WORK REQUIRED: Could you reproduce every entry as it stands, leaving the pictures behind?

RECORDED DATA:
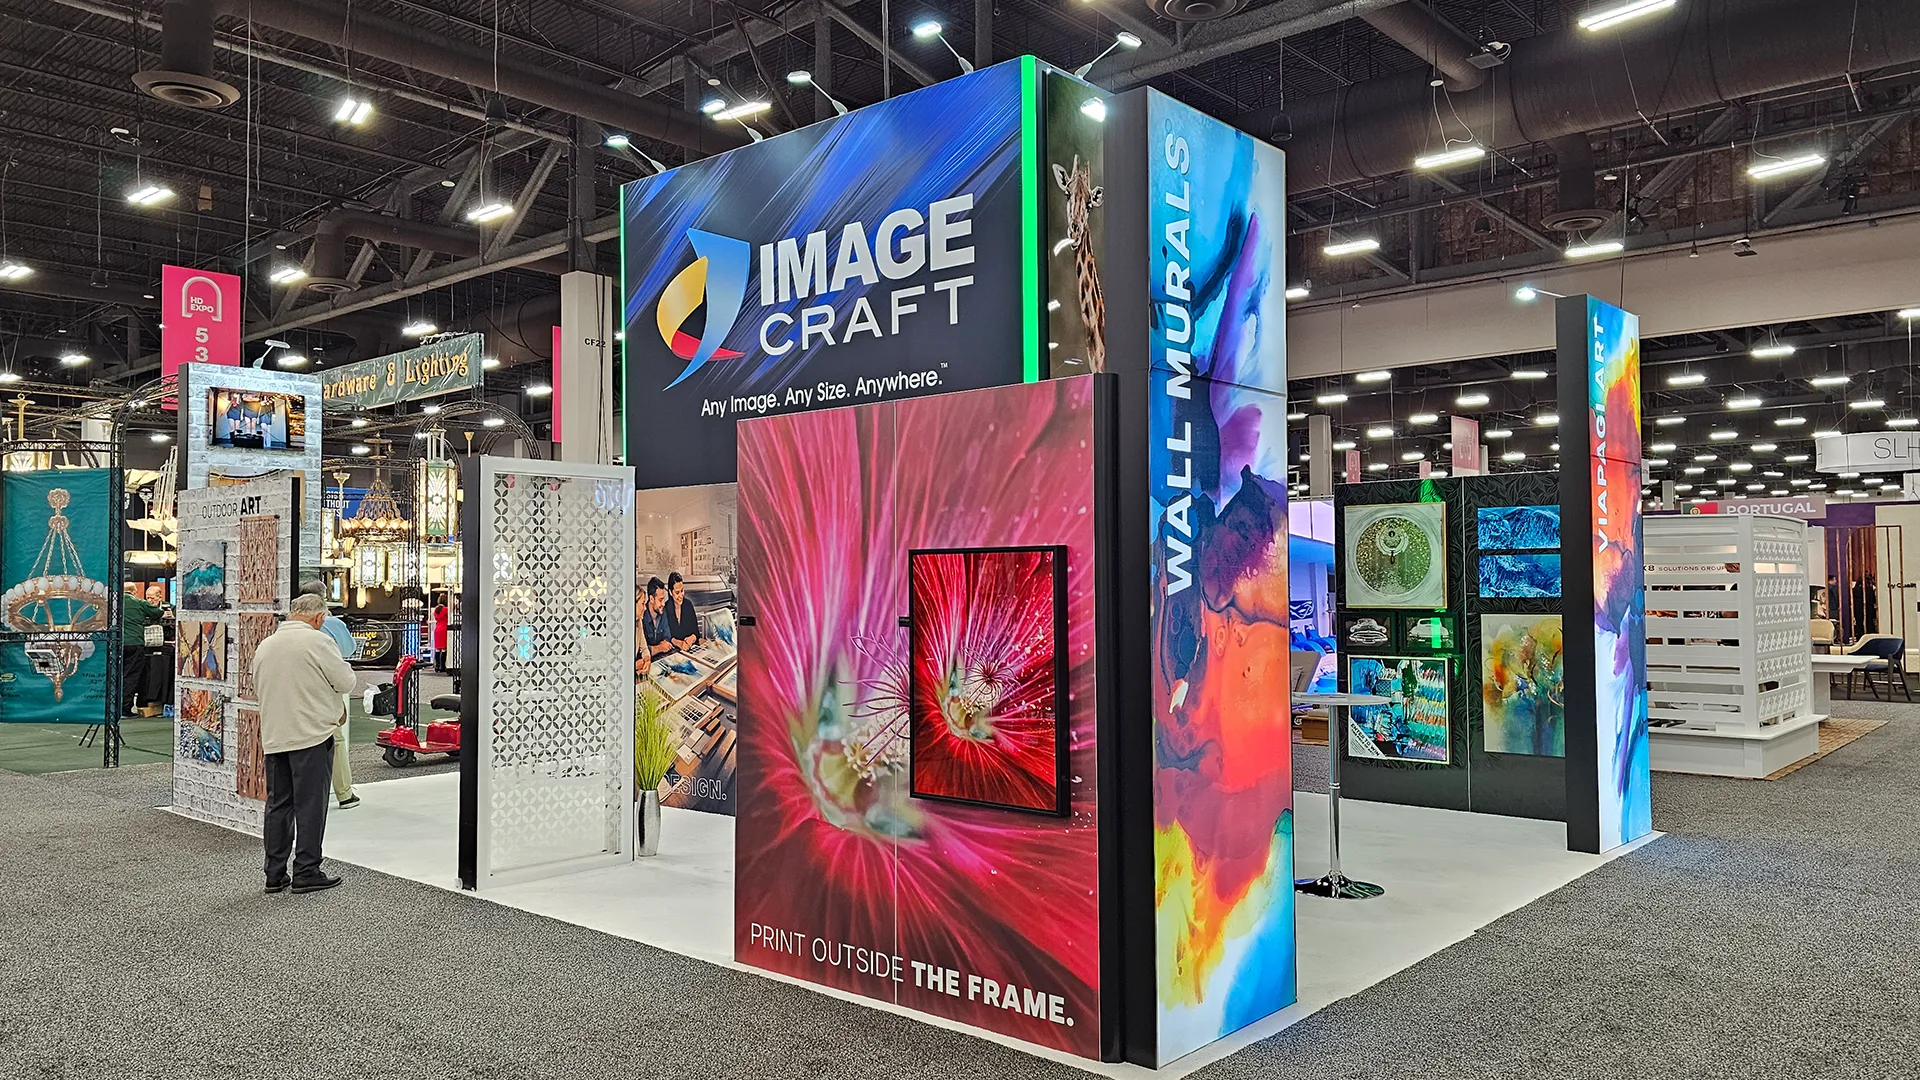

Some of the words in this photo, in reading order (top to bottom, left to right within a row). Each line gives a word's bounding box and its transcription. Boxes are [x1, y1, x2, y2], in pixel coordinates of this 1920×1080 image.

[760, 193, 975, 307] IMAGE
[1164, 132, 1193, 401] MURALS
[190, 296, 204, 305] HD
[190, 303, 214, 313] EXPO
[760, 275, 974, 356] CRAFT
[324, 373, 377, 400] ardware
[404, 350, 469, 385] Lighting
[1593, 316, 1605, 391] ART
[701, 398, 727, 418] Any
[730, 392, 781, 414] Image.
[784, 387, 813, 407] Any
[817, 381, 850, 402] Size.
[202, 502, 238, 519] OUTDOOR
[240, 496, 261, 515] ART
[1166, 421, 1193, 597] WALL
[1726, 502, 1816, 515] PORTUGAL
[751, 922, 805, 957] PRINT
[812, 937, 904, 983] OUTSIDE
[911, 960, 960, 997] THE
[968, 973, 1075, 1027] FRAME.

WRITTEN ANSWER:
Some of the words in this photo, in reading order (top to bottom, left to right within a row). Each line gives a word's bounding box and its transcription. Boxes are [x1, y1, x2, y2], in pixel coordinates of this 1920×1080 image.

[760, 193, 975, 307] IMAGE
[1164, 132, 1193, 401] MURALS
[190, 296, 204, 305] HD
[190, 303, 214, 313] EXPO
[760, 275, 974, 356] CRAFT
[324, 373, 377, 400] ardware
[404, 350, 469, 385] Lighting
[1593, 316, 1605, 391] ART
[701, 398, 727, 418] Any
[730, 392, 781, 414] Image.
[784, 387, 813, 407] Any
[817, 381, 850, 402] Size.
[202, 502, 238, 519] OUTDOOR
[240, 496, 261, 515] ART
[1166, 421, 1193, 597] WALL
[1726, 502, 1816, 515] PORTUGAL
[751, 922, 805, 957] PRINT
[812, 937, 904, 983] OUTSIDE
[911, 960, 960, 997] THE
[968, 973, 1075, 1027] FRAME.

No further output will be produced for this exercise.